Currently, the law states that certain documentation must be given to you before you sign up.  You need to be sure you understand this documentation or you could be in for a nasty shock later.

You must be given three documents at the least, and these are a Village Comparison Document, a Prospective Costs Document, a Residence Contract.  There are sometimes other documents too, but we won’t worry about these here.

The Village Comparison Document sets out details of that particular Village, so that if you line up a couple of these documents, you can compare “apples with apples”.

The next document is the Prospective Costs Document.  This gives you information on your actual unit – what is provided to you, how much is the Ingoing Contribution, what type of arrangement you’re entering into, and the estimate of exit fees.

The third document, and ultimately the most important but probably the most difficult to understand, is the actual Residence Contract.  Now these Residence Contracts vary depending on the Village and depending on the arrangement.  Regardless, you must have all these documents for 21 days before you are able to sign them, or you must get a Lawyer to go through them with you and sign a waiver.

Once you have signed these documents, there is also a 14 day “Cooling Off Period” that cannot be reduced.  If you need to sell your house and go into the Retirement Village, make sure you have your lawyer check this has been dealt with correctly in the documentation, and this is a critical aspect because if this isn’t dealt with properly, you may find that you have to pay the Ingoing Contribution before you’ve sold your house.

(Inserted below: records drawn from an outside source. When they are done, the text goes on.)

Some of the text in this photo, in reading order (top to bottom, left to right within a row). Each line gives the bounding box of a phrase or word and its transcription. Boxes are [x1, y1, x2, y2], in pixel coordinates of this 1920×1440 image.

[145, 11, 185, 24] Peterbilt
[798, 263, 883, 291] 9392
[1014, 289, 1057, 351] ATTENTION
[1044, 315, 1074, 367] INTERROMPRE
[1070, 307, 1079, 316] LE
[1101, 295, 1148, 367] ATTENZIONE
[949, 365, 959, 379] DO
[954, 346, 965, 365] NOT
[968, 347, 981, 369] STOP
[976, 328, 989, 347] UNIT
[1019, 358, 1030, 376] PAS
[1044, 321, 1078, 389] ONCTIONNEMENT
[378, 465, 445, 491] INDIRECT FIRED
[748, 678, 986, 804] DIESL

In the documentation will be the obligations of you as the Resident and the obligations of the Scheme Operator and also details of the exit fee, or Deferred Management Fee.  There is no upper limit on the exit fees that a Retirement Village may charge, but most exit fees fall somewhere between 30 and 40% (maximum) of your Ingoing Contribution.

Other ongoing fees have to be considered, and these are the General Services Charge and the Maintenance Reserve Fund Contribution.  These are usually paid on a monthly or fortnightly basis.

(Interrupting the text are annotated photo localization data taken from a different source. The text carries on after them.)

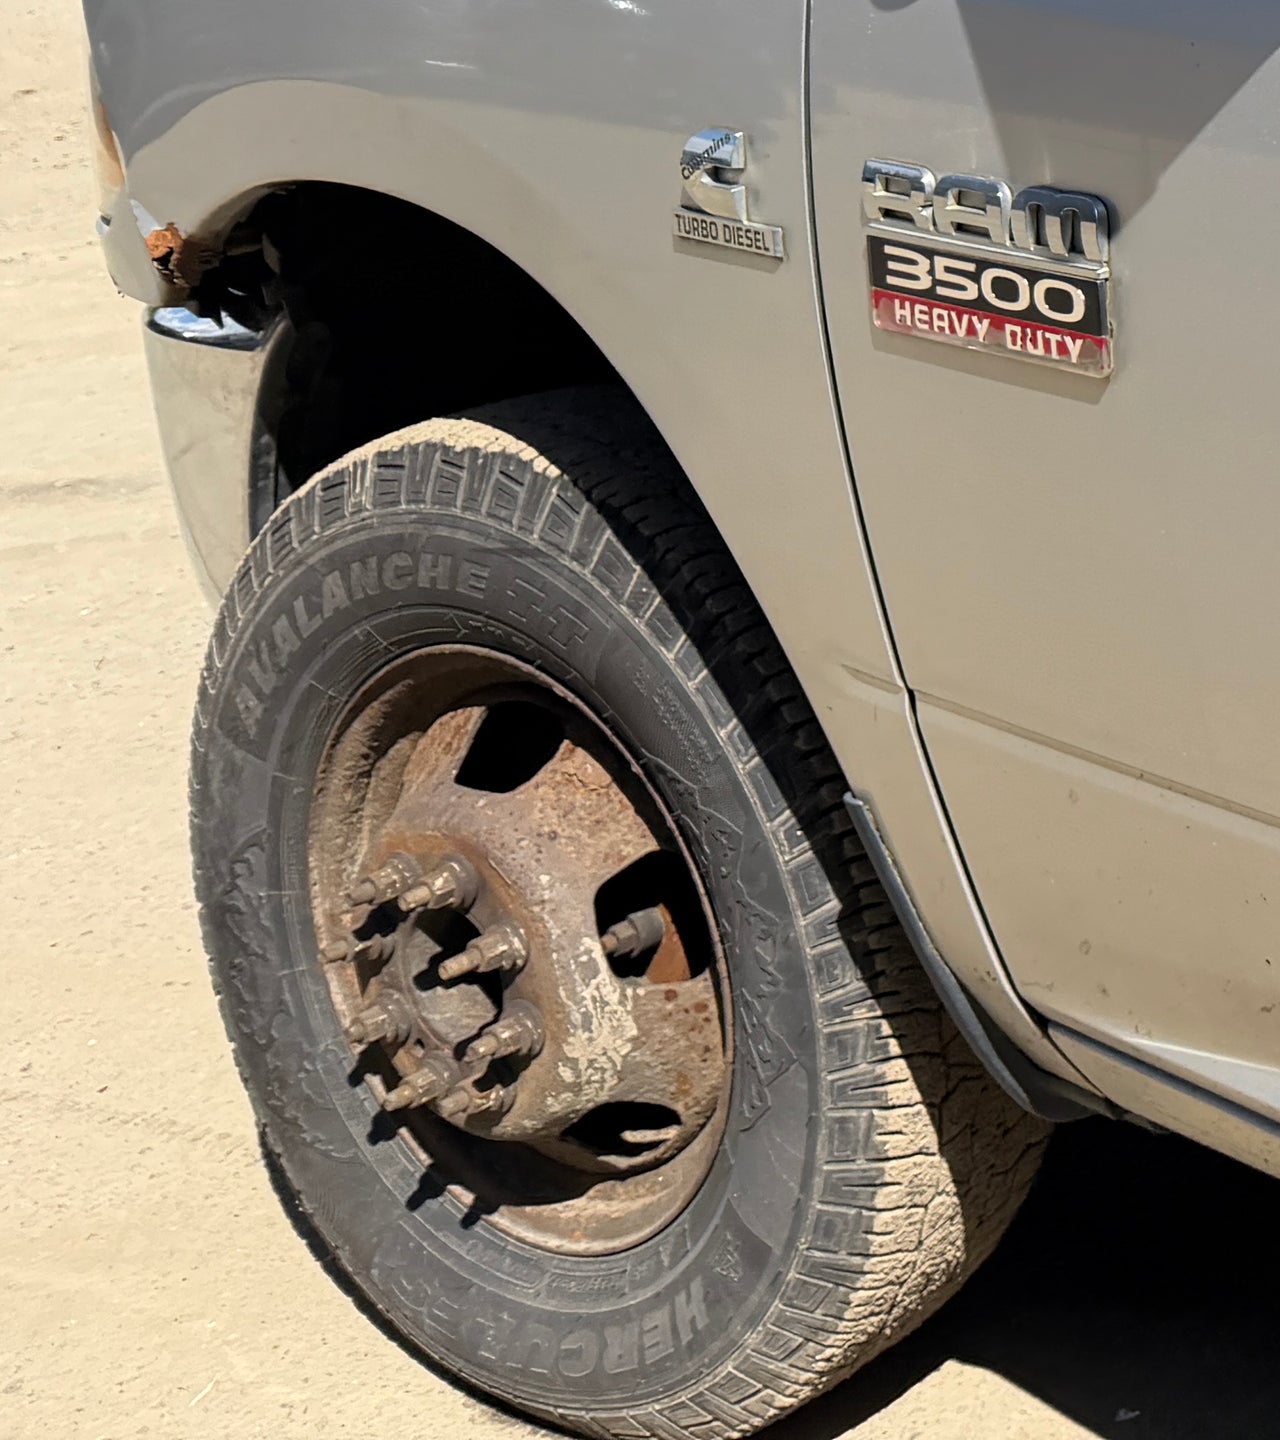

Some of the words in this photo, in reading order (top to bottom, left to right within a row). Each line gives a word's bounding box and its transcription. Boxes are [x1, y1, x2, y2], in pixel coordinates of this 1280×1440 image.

[675, 213, 719, 241] TURBO
[722, 223, 770, 252] DIESEL
[862, 157, 1110, 262] RAM
[883, 244, 1086, 324] 3500
[894, 297, 991, 343] HEAVY
[1004, 322, 1084, 364] DUTY
[235, 551, 492, 741] AVALANCHE

What happens if you go into a Village and you decide it’s not for you – can you leave?  Yes, you can always leave, but it will cost you.  You must give one month’s notice and the Residence Contract will state the various steps that will then be taken, but there will be an Exit Fee.  There are some Operators at the moment that give you approximately 6 months to decide if you can settle in, but you need to check your Contracts carefully to ascertain if the Village you’re going into is one of these.

Can the Operator get rid of YOU? or ask YOU to leave?  Well yes, but generally only if you do something substantially wrong.

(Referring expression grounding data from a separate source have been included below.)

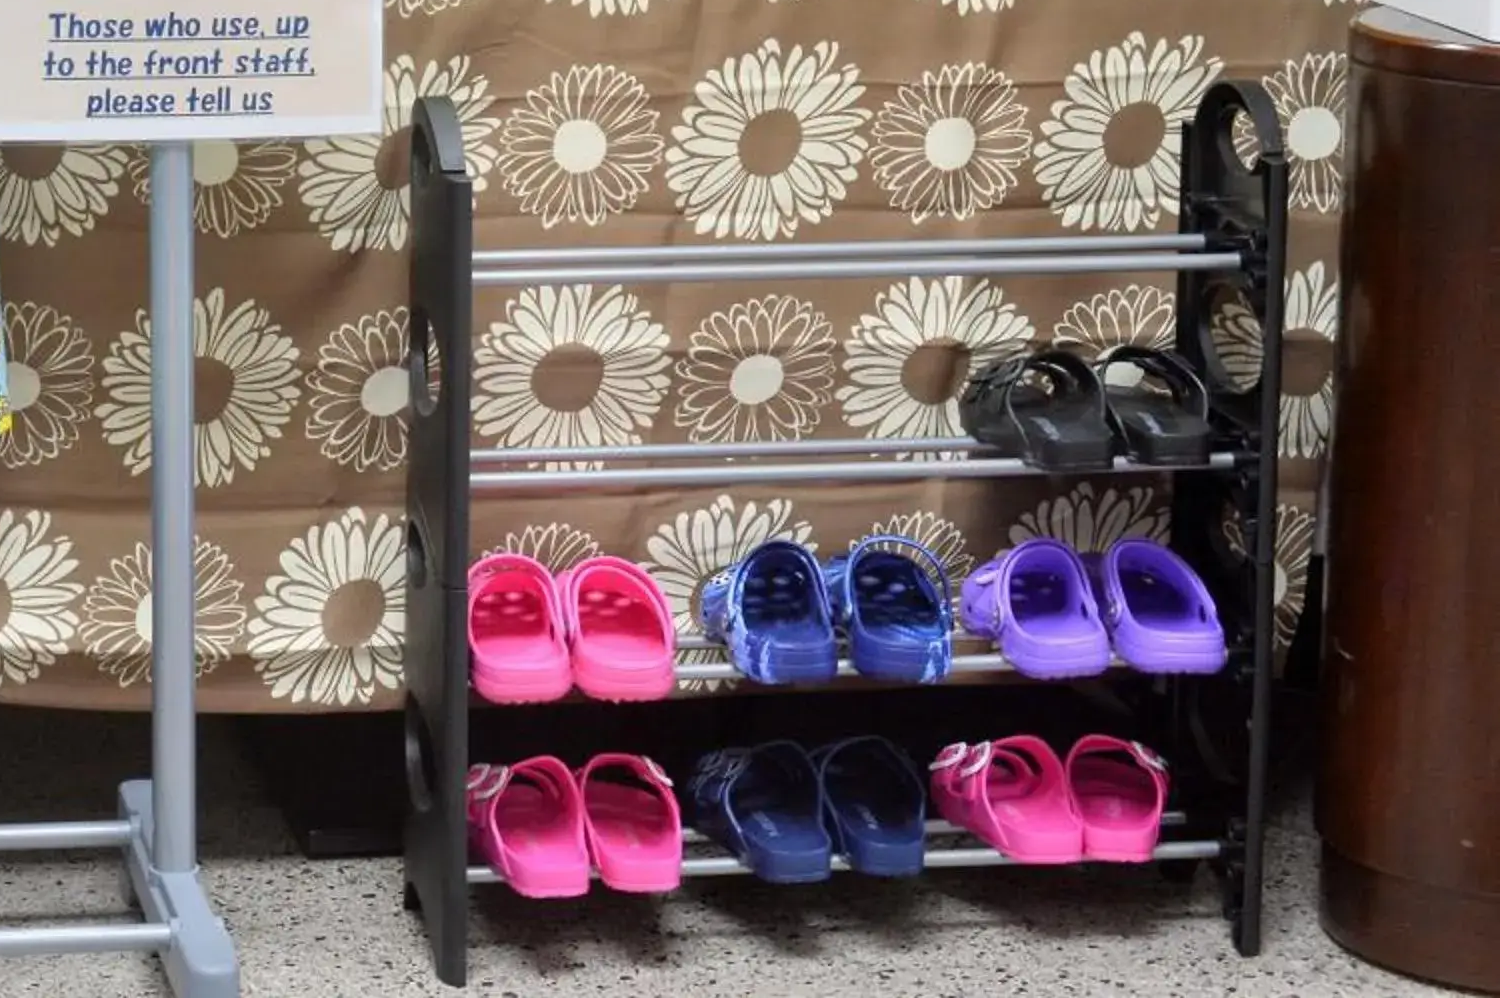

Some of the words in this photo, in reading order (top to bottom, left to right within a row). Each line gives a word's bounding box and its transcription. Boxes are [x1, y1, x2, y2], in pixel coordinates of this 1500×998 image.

[48, 12, 133, 38] Those
[145, 12, 200, 36] who
[276, 14, 310, 38] up
[44, 52, 74, 77] to
[85, 50, 133, 76] the
[144, 49, 223, 75] front
[86, 88, 175, 118] please
[187, 87, 231, 113] tell
[242, 89, 273, 112] us
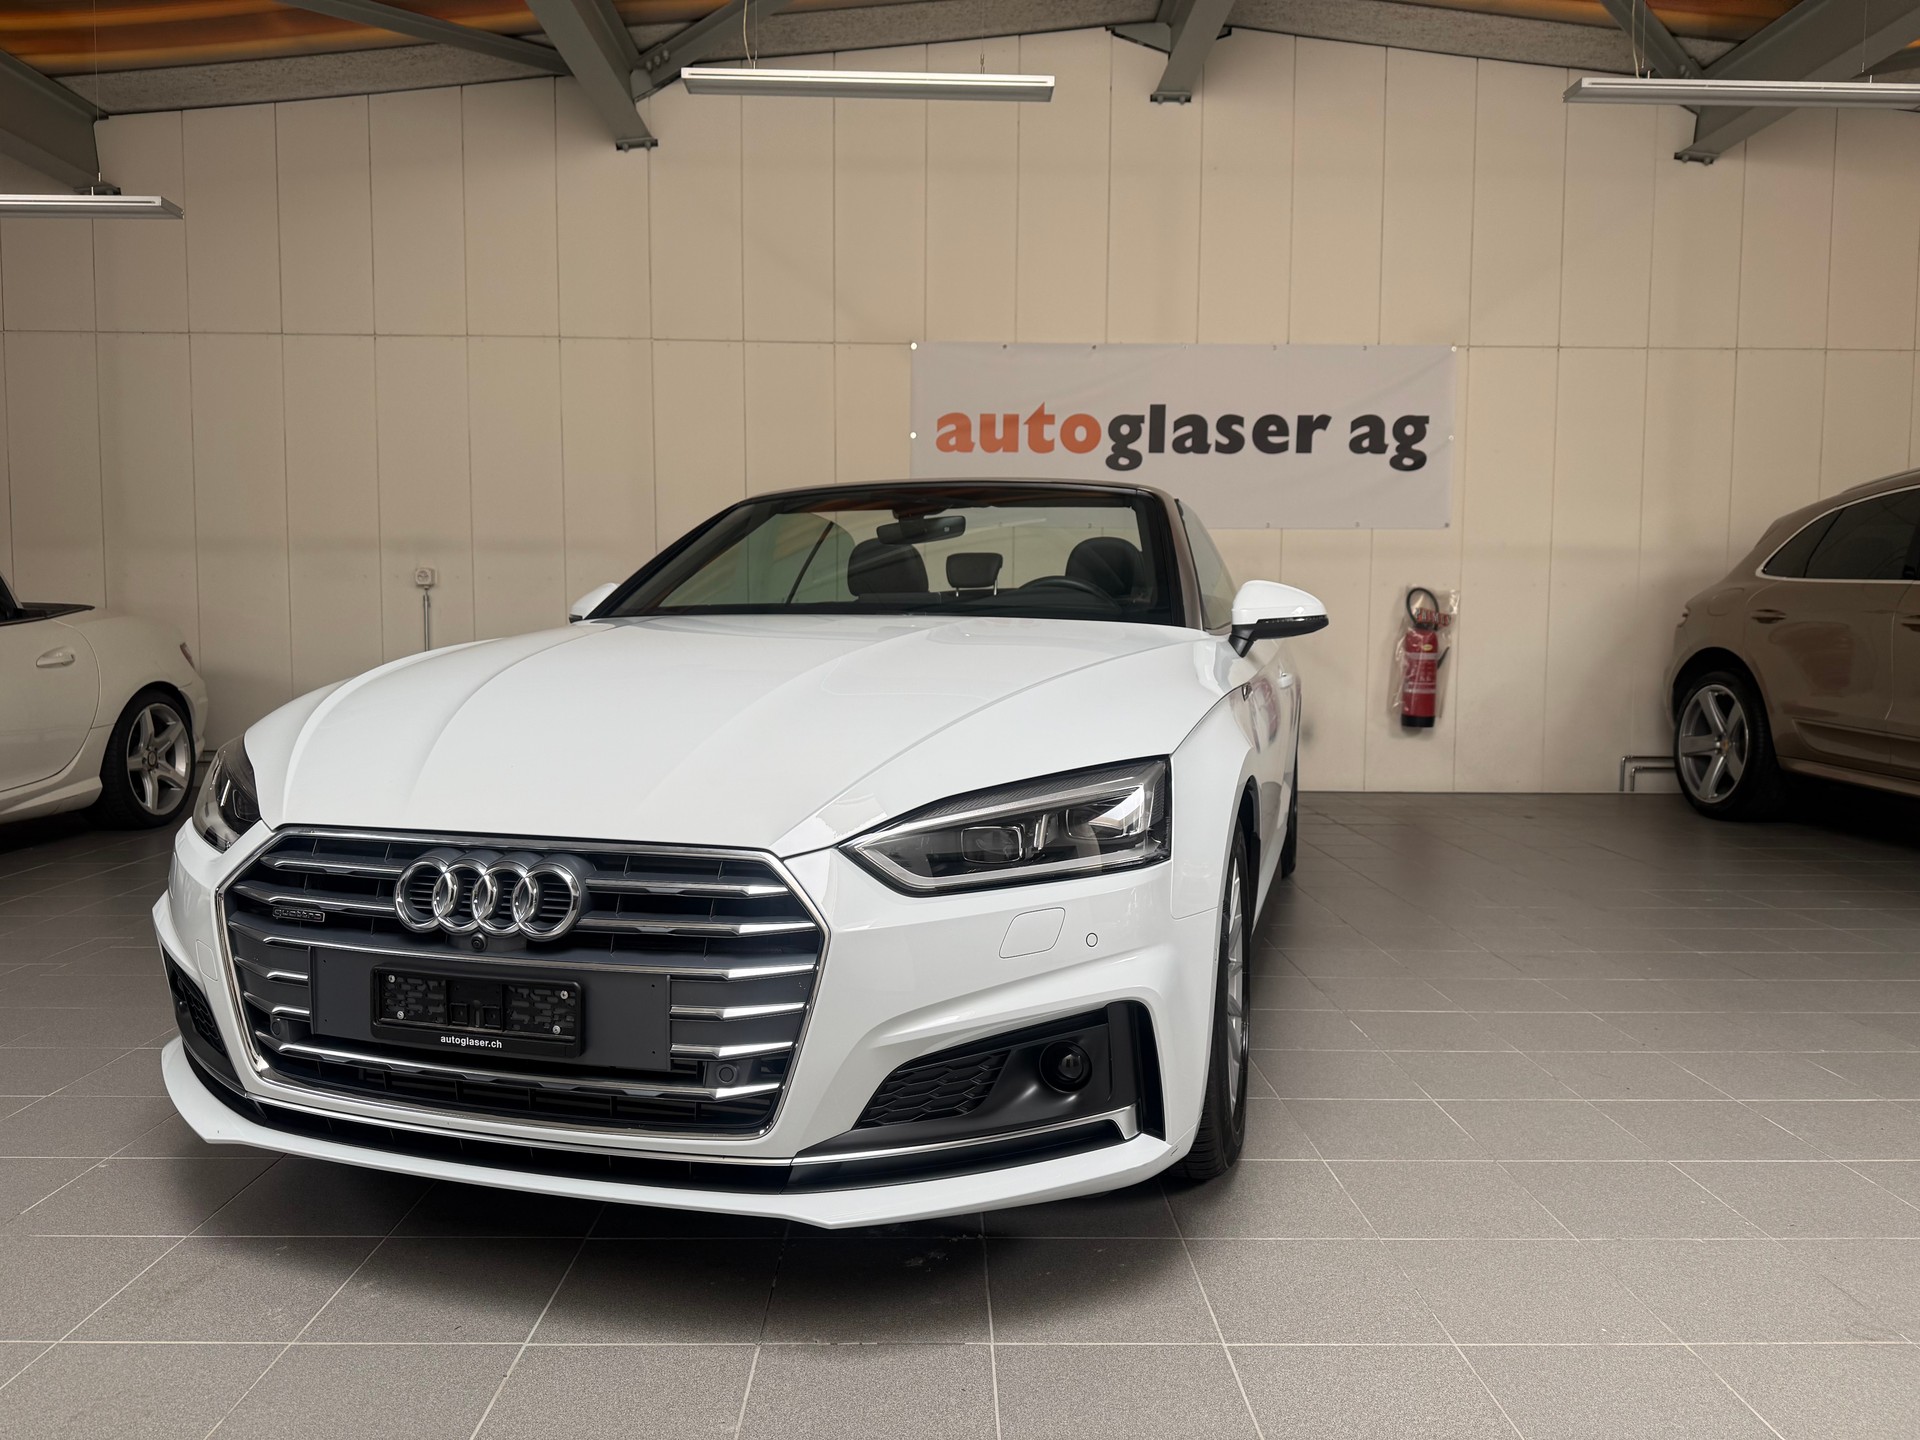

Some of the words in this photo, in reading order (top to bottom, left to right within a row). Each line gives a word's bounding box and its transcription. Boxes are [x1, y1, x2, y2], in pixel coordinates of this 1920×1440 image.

Most times there is also a clause that states that if you are assessed as needing care that the Village can’t provide, then you will be asked to move to another Scheme that can provide such extra care.  If you are eventually assessed as needing higher care, your unit is still dealt with as we have discussed i.e. the Exit Fee applies, and it could be as high as 40%.  This may take a very big chunk of what you have to offer an aged care facility.

Some Villages also offer aged care, and state that the exit entitlement will be sufficient to cover the Refundable Accommodation Deposit. However, you can’t assume you can be automatically moved into aged care from the village. Access to aged care is assessed on a needs basis, rather than if you are an existing resident of the village.

The most important thing to do before you make such an important decision of moving into a Retirement Village, is to review the documentation, compare them to other Villages, and get qualified advice. Please note this is general advice only. Should you have specific questions, please contact MMLaw.

The information in this document represents general information and should not be relied on for your specific circumstances. If you require legal advice and assistance on the matters contained or associated in this document you should contact MMLaw.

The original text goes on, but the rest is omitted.